当時の俺は「俺を健康な奴隷として売り払うつもりなんじゃないか」とか考えて、もうベッドの中で震えていた。

 もう一度言うが、この世界は中世の世界観だ。人身売買なんて日常茶飯事。目が覚めたら目隠しされて馬車の中、なんて普通にあり得る。


 そんな感じで居ても立っても居られなくなった俺は、翌日になって村長達を問い正してみた。

 すると、俺を鍛えていたのは俺を冒険者にするためで、優秀な冒険者を輩出した村は色々と国からの待遇が良くなるから、と答えられた。

 ちなみに冒険者というのは、冒険者ギルドに所属する人間のことで、冒険者ギルドというのは依頼を冒険者に斡旋する斡旋所だ。


 まぁ、納得だった。実際、そんな話は当時にも何度か聞いていたからな。

 そんな感じで村人達の下心もしっかりと確認できたので、俺は奴隷売買的な心配もなく体を鍛え、十四歳の時に村を出た。

 で、最寄りの町であるレクスのギルドで登録を済ませ、依頼をこなしてゆきながら生活して、今に至るわけだ。

 ……っと、丁度ギルドに着いたな。


 扉を開けて中に入ると、年季の入った木の匂いが俺を包み込む。

 俺の記憶が正しければ、最後に作り替えたのが俺が水晶になってすぐだから……7年か6年前だったはずだ。

 落ち着いた暗い色の木材で作られた床や漆喰で塗り固められた壁には、数多の血と泥の跡が拭いきれずに残っている。

 一見汚らしいが、これらは全て冒険者達が依頼を血塗れ泥塗れになって依頼を完遂した証拠だ。そう思えば多少は誇らしく思える。

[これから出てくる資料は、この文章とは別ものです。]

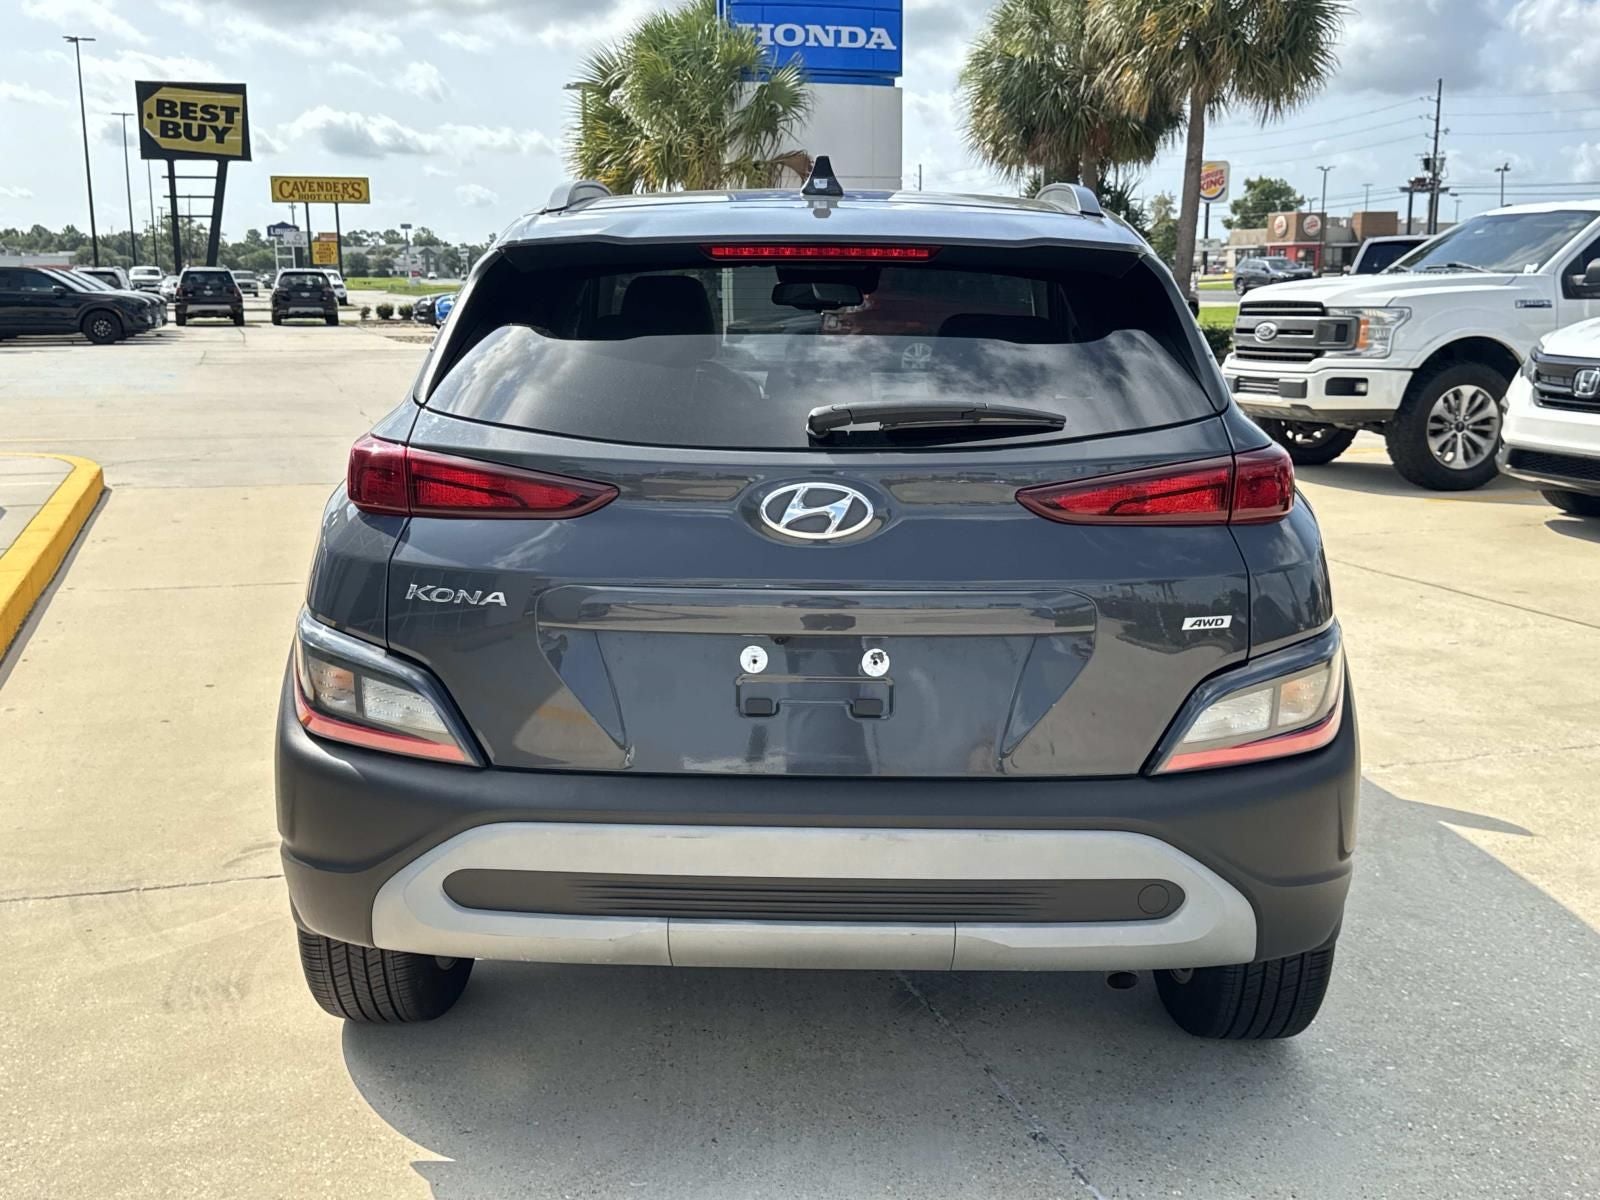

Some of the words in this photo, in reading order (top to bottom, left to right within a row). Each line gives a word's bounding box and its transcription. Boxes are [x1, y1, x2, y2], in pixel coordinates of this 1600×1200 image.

[736, 23, 897, 50] HONDA
[156, 98, 240, 124] BEST
[160, 119, 233, 144] BUY
[279, 179, 363, 200] CAVENDER'S
[405, 583, 507, 606] KONA
[1190, 618, 1224, 628] AWD
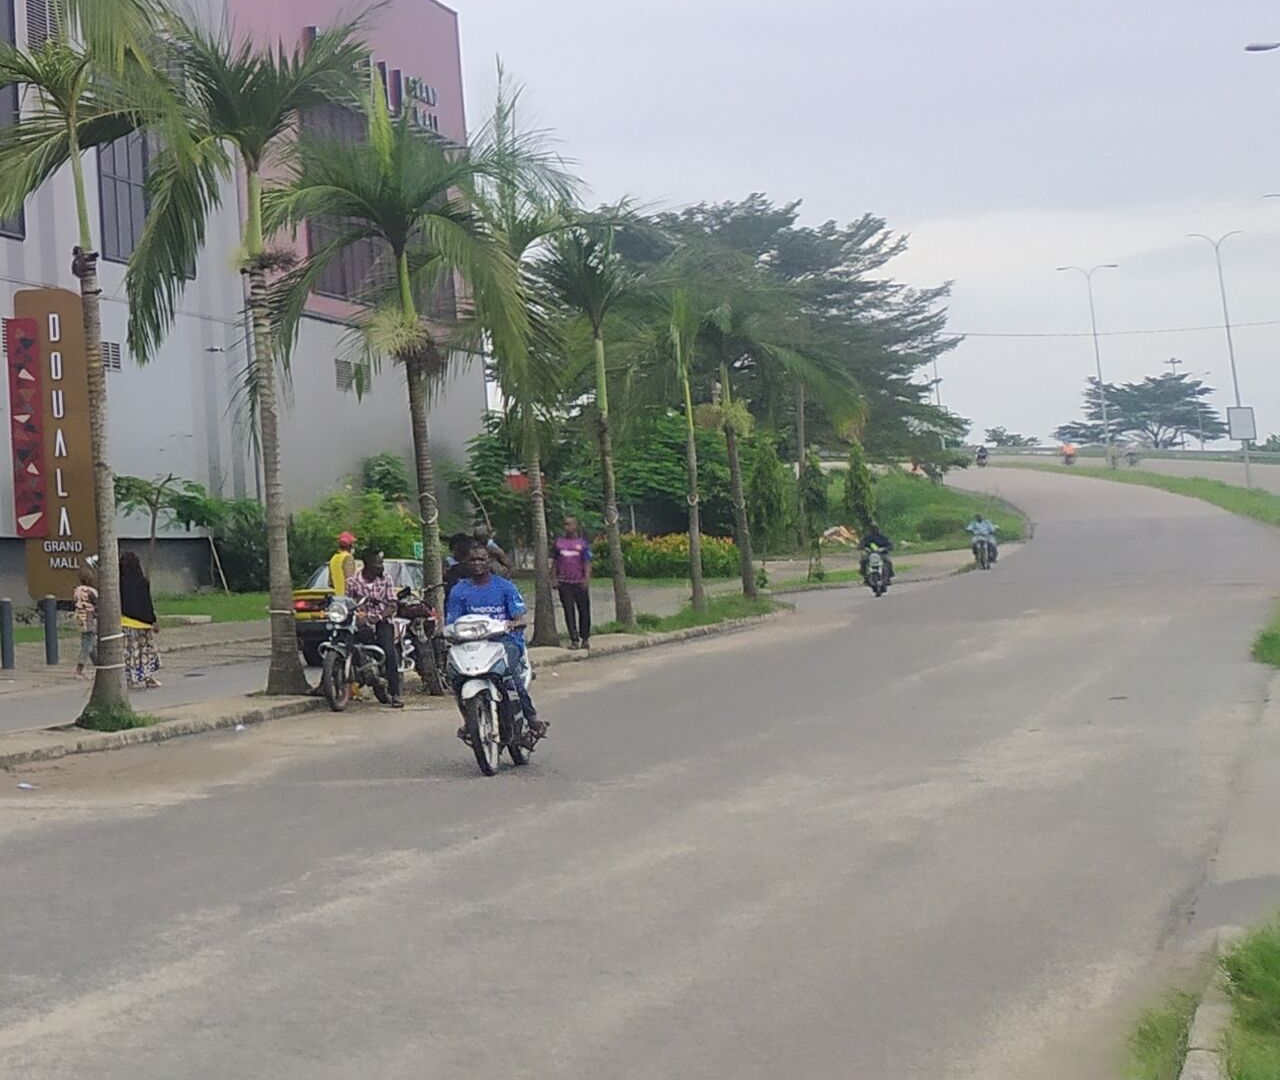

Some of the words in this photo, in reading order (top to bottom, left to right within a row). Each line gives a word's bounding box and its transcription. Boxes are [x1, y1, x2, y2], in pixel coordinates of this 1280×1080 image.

[48, 313, 72, 537] DOUALA
[43, 540, 83, 553] GRAND
[49, 556, 81, 569] MALL
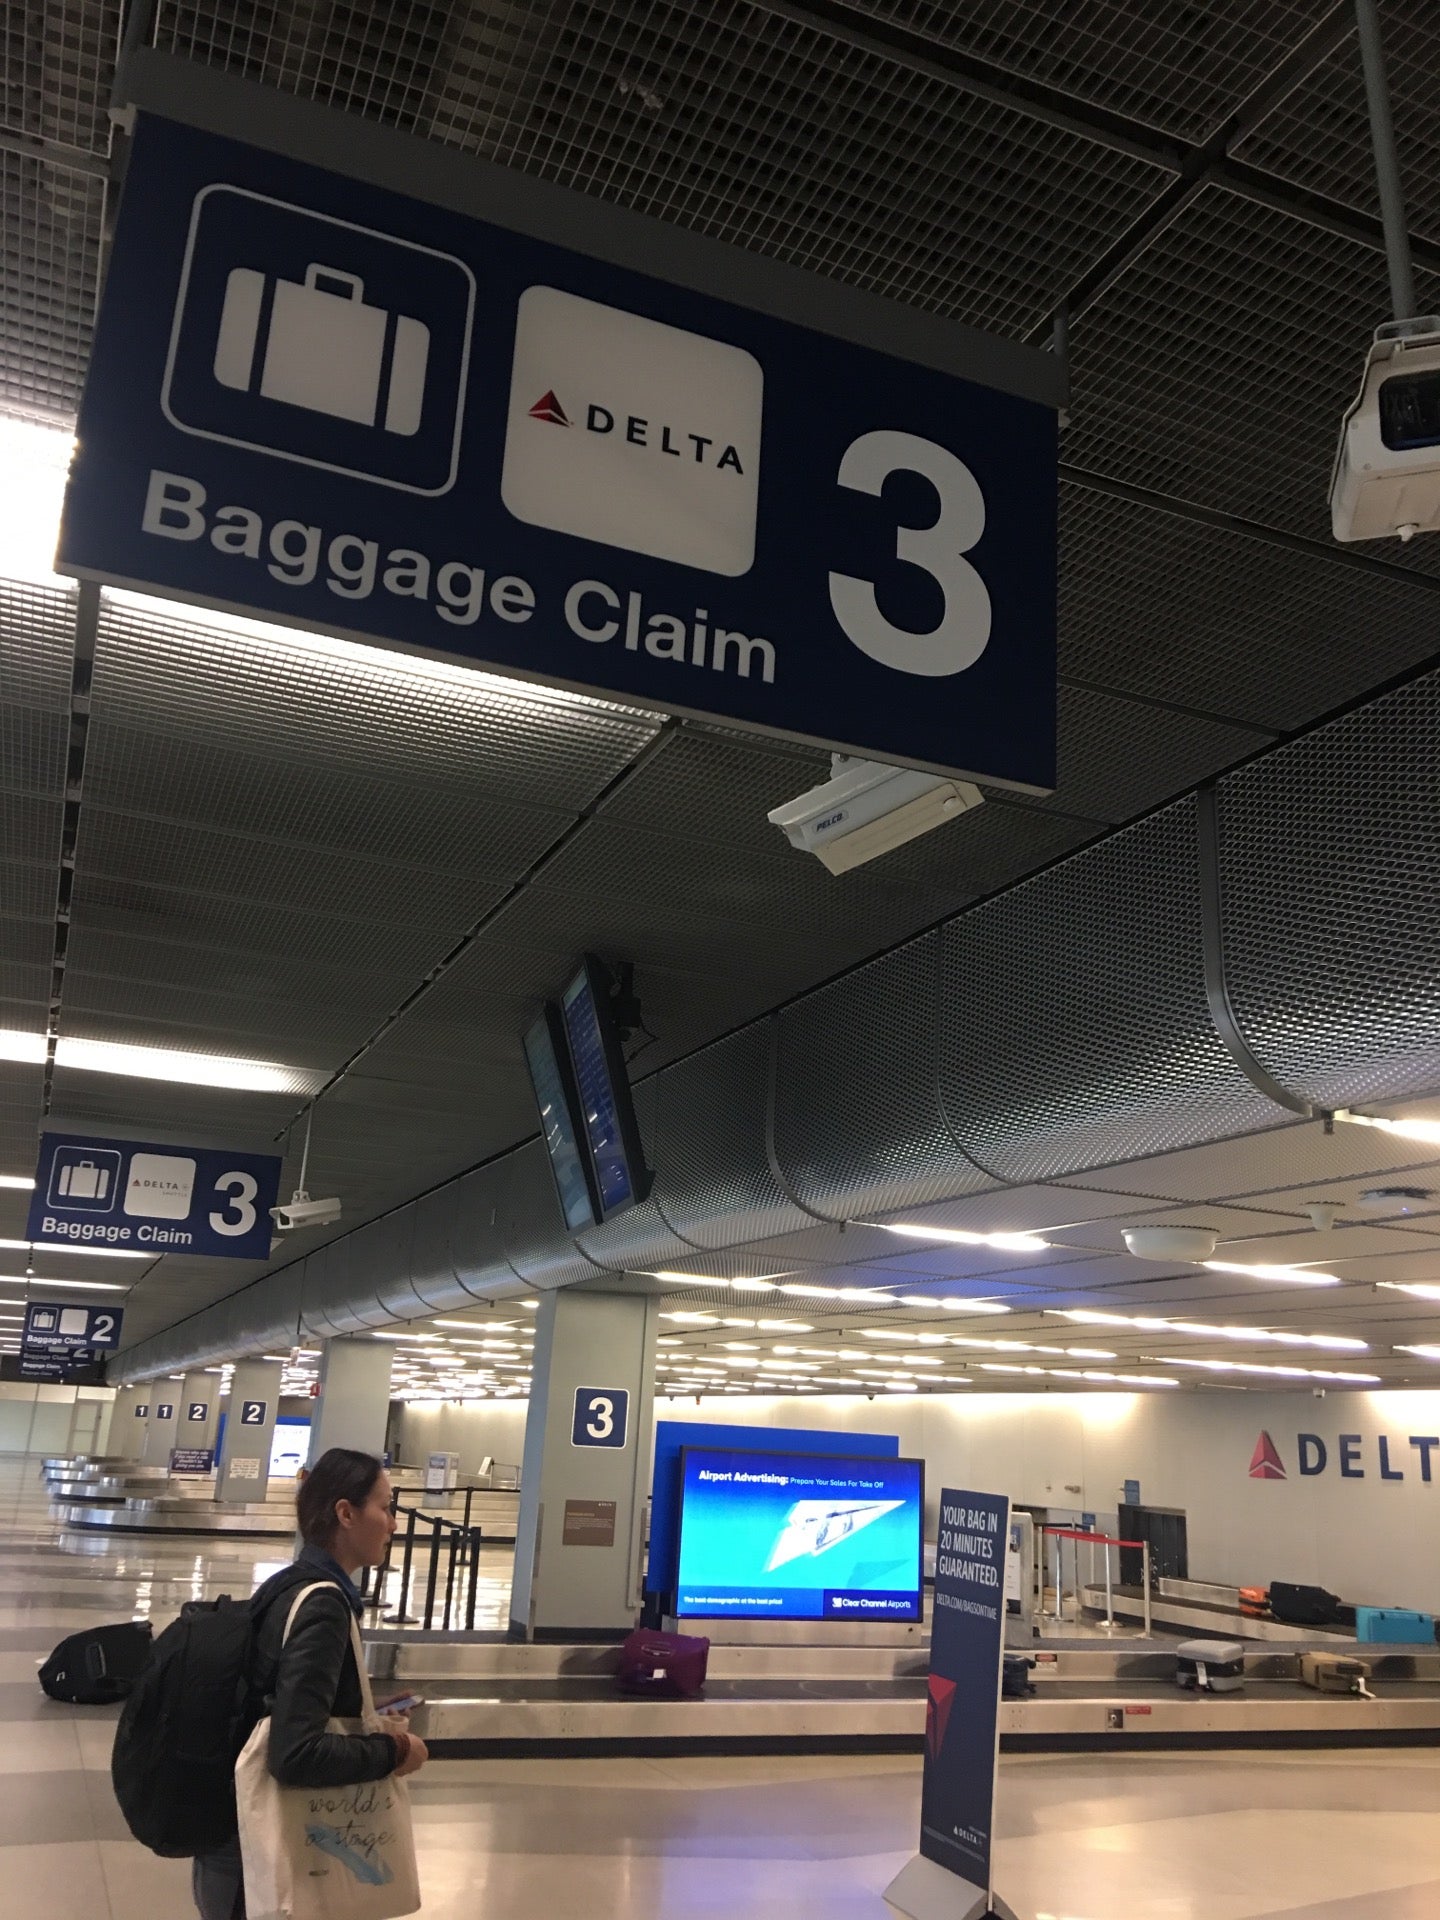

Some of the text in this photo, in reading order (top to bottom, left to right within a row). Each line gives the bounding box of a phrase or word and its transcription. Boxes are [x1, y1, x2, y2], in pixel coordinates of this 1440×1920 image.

[585, 402, 746, 476] DELTA
[828, 430, 992, 677] 3
[140, 470, 778, 685] Baggage Claim
[816, 812, 843, 832] PELCO
[143, 1179, 179, 1190] DELTA
[209, 1171, 258, 1236] 3
[42, 1217, 193, 1245] Baggage Claim
[27, 1335, 87, 1345] Baggage Claim
[91, 1315, 114, 1342] 2
[138, 1407, 145, 1415] 1
[162, 1407, 168, 1417] 1
[192, 1406, 203, 1419] 2
[246, 1404, 260, 1421] 2
[587, 1397, 613, 1438] 3
[699, 1471, 732, 1482] Airport
[734, 1472, 789, 1486] Advertising:
[790, 1477, 814, 1486] Prepare
[816, 1478, 829, 1486] Your
[830, 1479, 847, 1487] Sales
[859, 1480, 872, 1488] Take
[874, 1481, 884, 1489] Off
[943, 1505, 998, 1533] YOUR BAG IN
[940, 1530, 993, 1559] 20 MINUTES
[939, 1555, 999, 1588] GUARANTEED.
[843, 1599, 911, 1609] Clear Channel Airports
[958, 1828, 977, 1844] DELTA
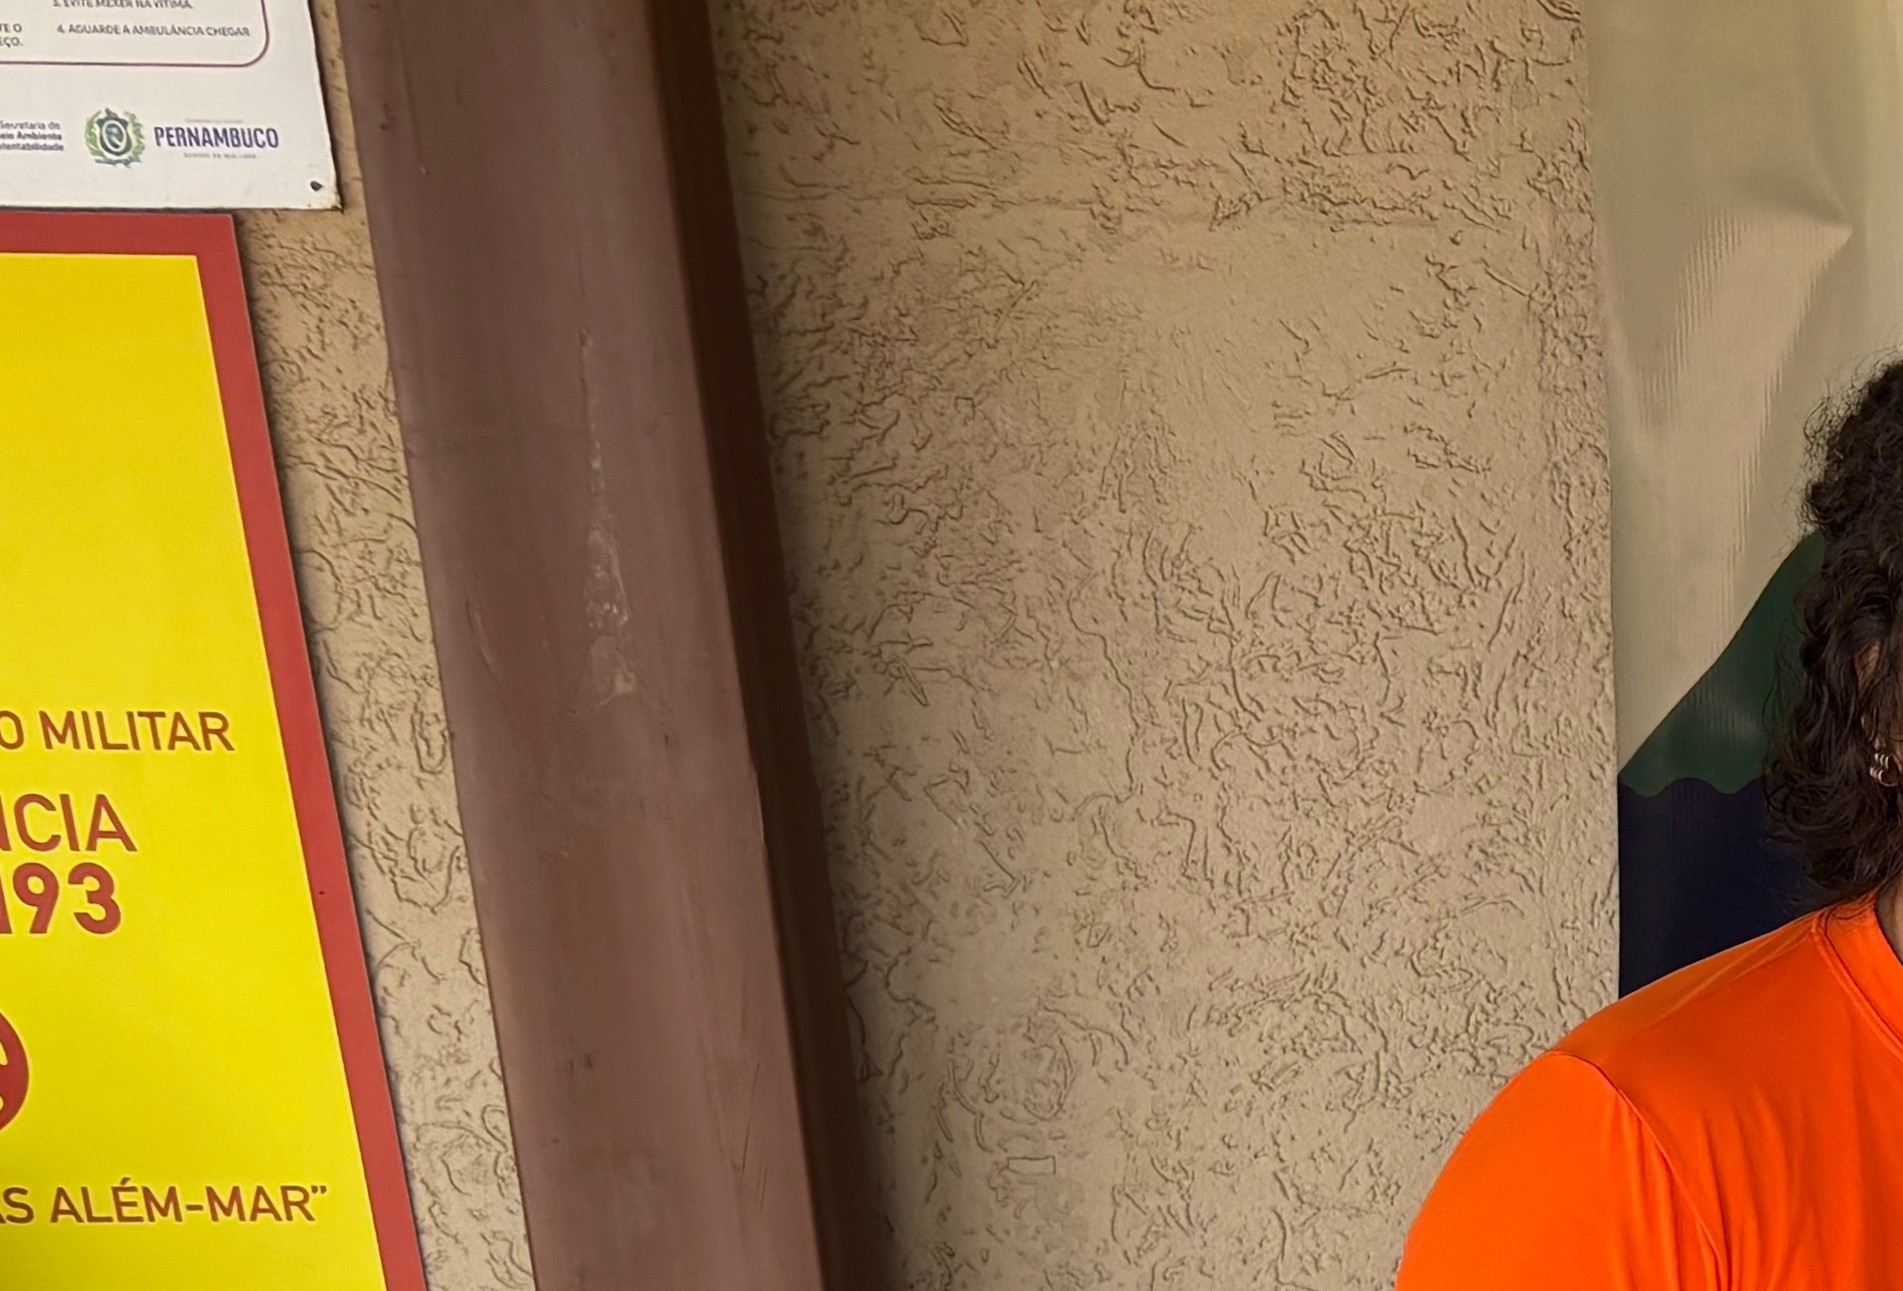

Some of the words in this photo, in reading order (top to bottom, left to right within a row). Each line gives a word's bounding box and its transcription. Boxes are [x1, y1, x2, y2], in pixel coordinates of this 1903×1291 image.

[69, 24, 121, 35] AGUARDE
[122, 25, 131, 35] A
[132, 24, 205, 36] AMBULÂNCIA
[207, 26, 250, 37] CHEGAR
[154, 126, 280, 149] PERNAMBUCO
[39, 710, 235, 751] MILITAR

 しかし、そんな冒険者達の姿は片手で数えられる程しか見えない。普段は埋まっているはずの酒場の席も閑散としている……まぁ、当然と言えば当然なのだが。

 時間的にはまだ昼頃。冒険者達の多くは未だ依頼の最中だろう。今日は俺が早すぎただけだ。


「あ、ラガンさん、お疲れ様です」

「いえ」


 窓口に座った受付嬢が俺に労りの言葉をかけてくれる。

 彼女は丁度5年ほど前にこのギルドへ入ってきた。当時は慣れない冒険者達の対応にわたわたしていた新人だったが、今では随分と立派になったものだ。なんとも感慨深いものがある。

 俺は彼女の言葉に応えつつ、ゴブリンどもの耳を入れた袋を渡した。


「これで全部です。それと、人的被害はありませんでした」

「人的被害は0、と。はい大丈夫です。ではこちらが報酬になります」

「有難う御座います」


 報告するべき事を事務的に話し、報酬を受け取る。

 一応だが、別に普段から俺はこういう話し方ではないぞ。ただ今は仕事モードなだけだ。

 個人的な相談の時とかであれば、俺ももっと砕けた口調で話す。


 ……まぁ、そんな事はどうでもいいとして、今からどうするか。流石にこの時間からの依頼は難しいものがあるし、真っ昼間から酒を飲む趣味はない。

 ………………ふむ、鍛えるか。折角だ。